婚活パーティー追想記

恋愛こじらせアラフォー男子が婚活パーティーに参加した体験を追想します

053. 婚活パーティー【体験】結婚と恋愛と自問(13)

二人して、照れたような、可笑しいような、そんな仕草で視線を交わし合う。

 

「うまく行きませんね」

「本当に。
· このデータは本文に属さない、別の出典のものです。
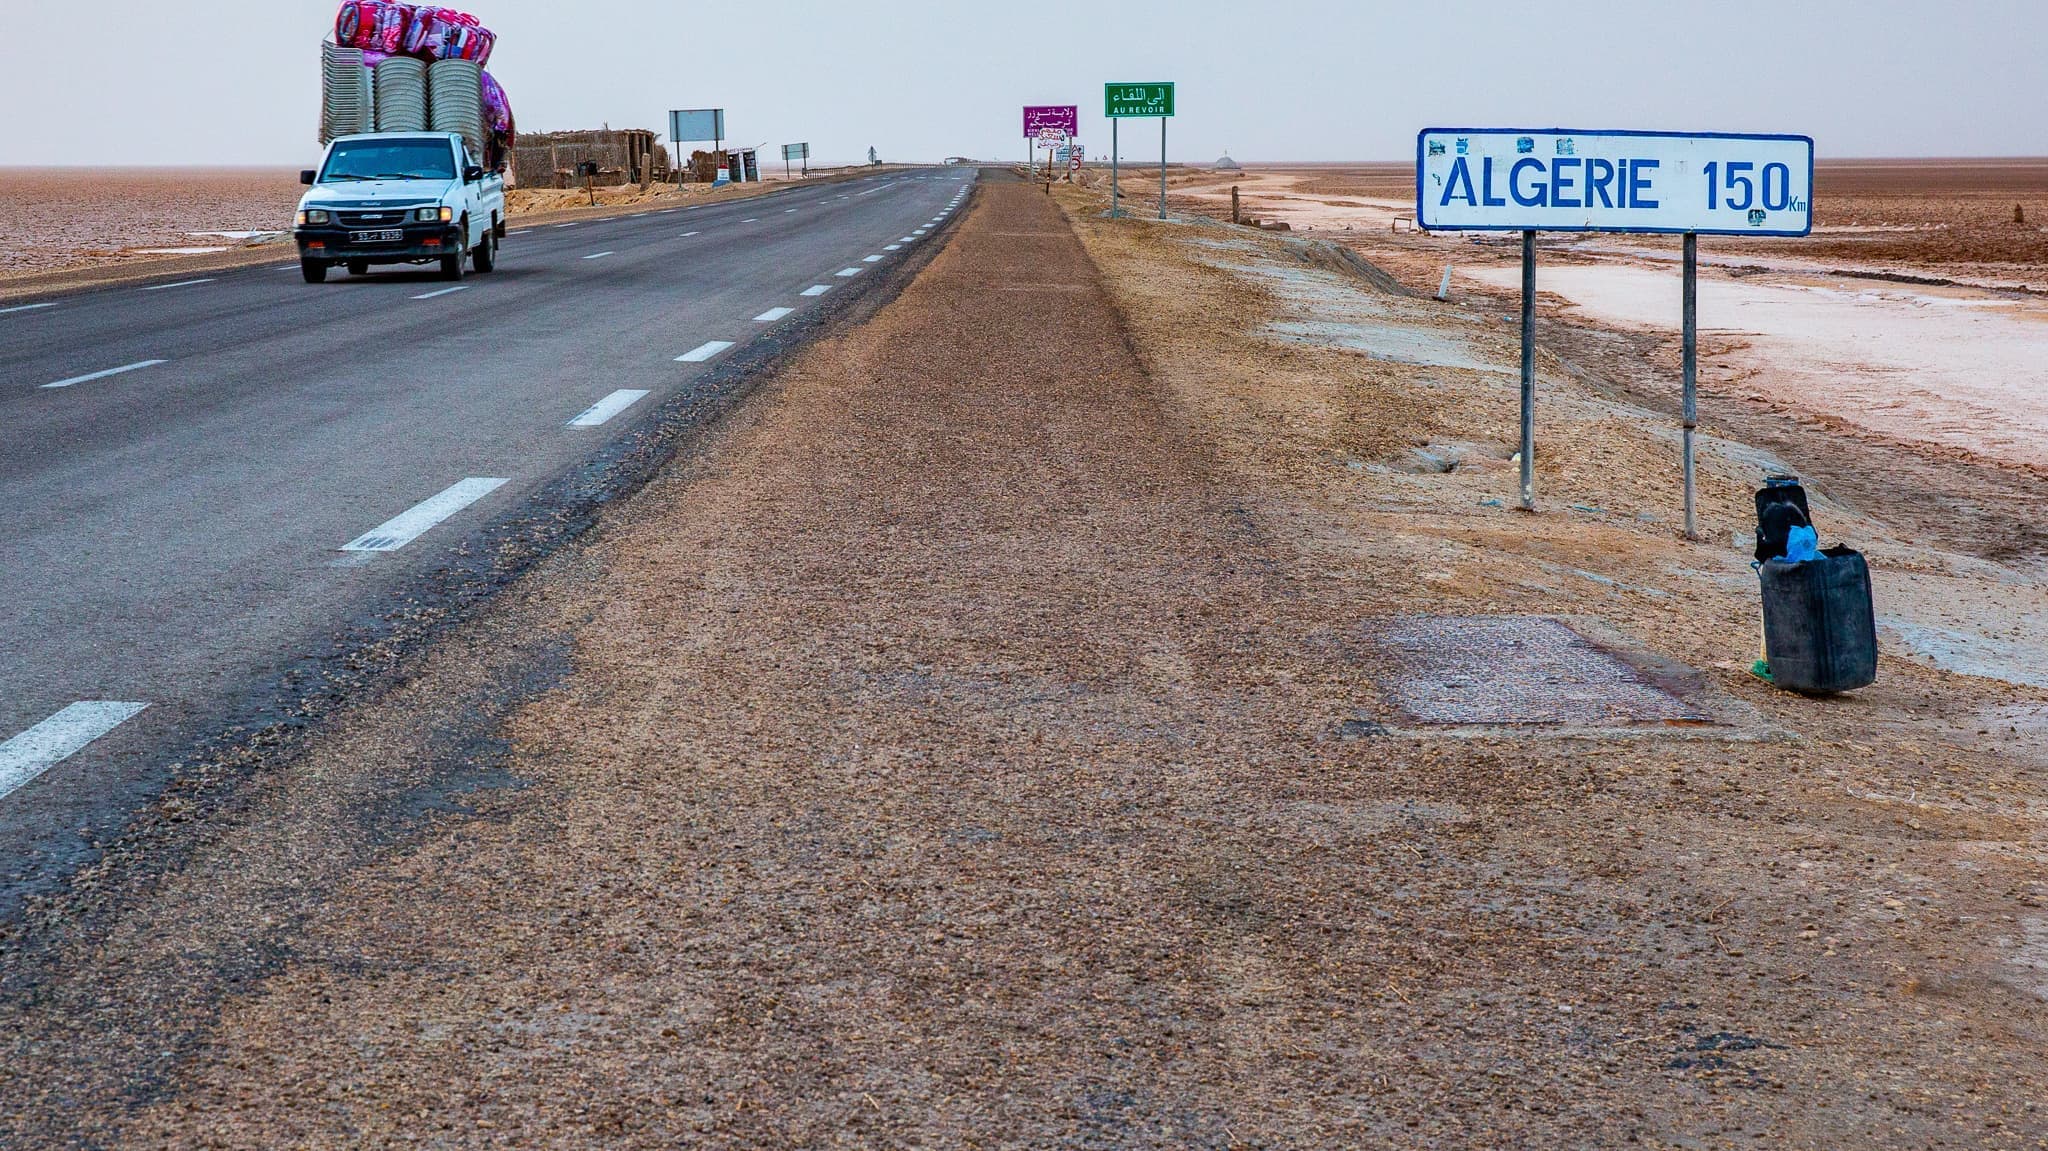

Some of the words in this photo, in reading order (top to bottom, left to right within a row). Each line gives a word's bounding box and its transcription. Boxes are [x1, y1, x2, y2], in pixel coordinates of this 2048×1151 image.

結婚したいのに」

 

諦めにも似た笑みを漏らすEさんだったが、結婚、と自ら口にした彼女からは、俄然、強い「女」の気配が伝わってきた。

 

それは色気にも近いが、もっと現実的で、いい男をつかまえて結婚して子供を産み育ててよりよい老後を迎える、というような希望というか気迫がこもっている空気。

 

匂いまでしてきそうだ。

 

そんな彼女が魅力的に思えた一方で、結婚を重く捉えがちであることを自覚している僕は、内心、たじろぐ。

 

本気のEさんを受け止められるだろうか。

 

そこまで彼女のことを想えるだろうか。

 

お付き合いに発展したとして、それはやはり結婚が前提だろうか。

 

もしそうなら、フルーツパフェを一緒に食べる景色さえ、いい思い出として後から振り返るための1枚の写真に過ぎないのだろうか。

 

……まだ、よくわからないな。

 

もう少し、二人で過ごす時間が必要だと思った。

 

第一、Eさんの気持ちだってわかっていない。

 

すでにその心の内では、結婚という物差しで僕を測り、落第点を付け終わっているかもしれないのだ。

 

そうだとしても、とりあえず、今やるべきことは……

 

EさんがLINE交換に応じてくれたことにひとまず安堵して、新宿駅までの道を二人で歩いた。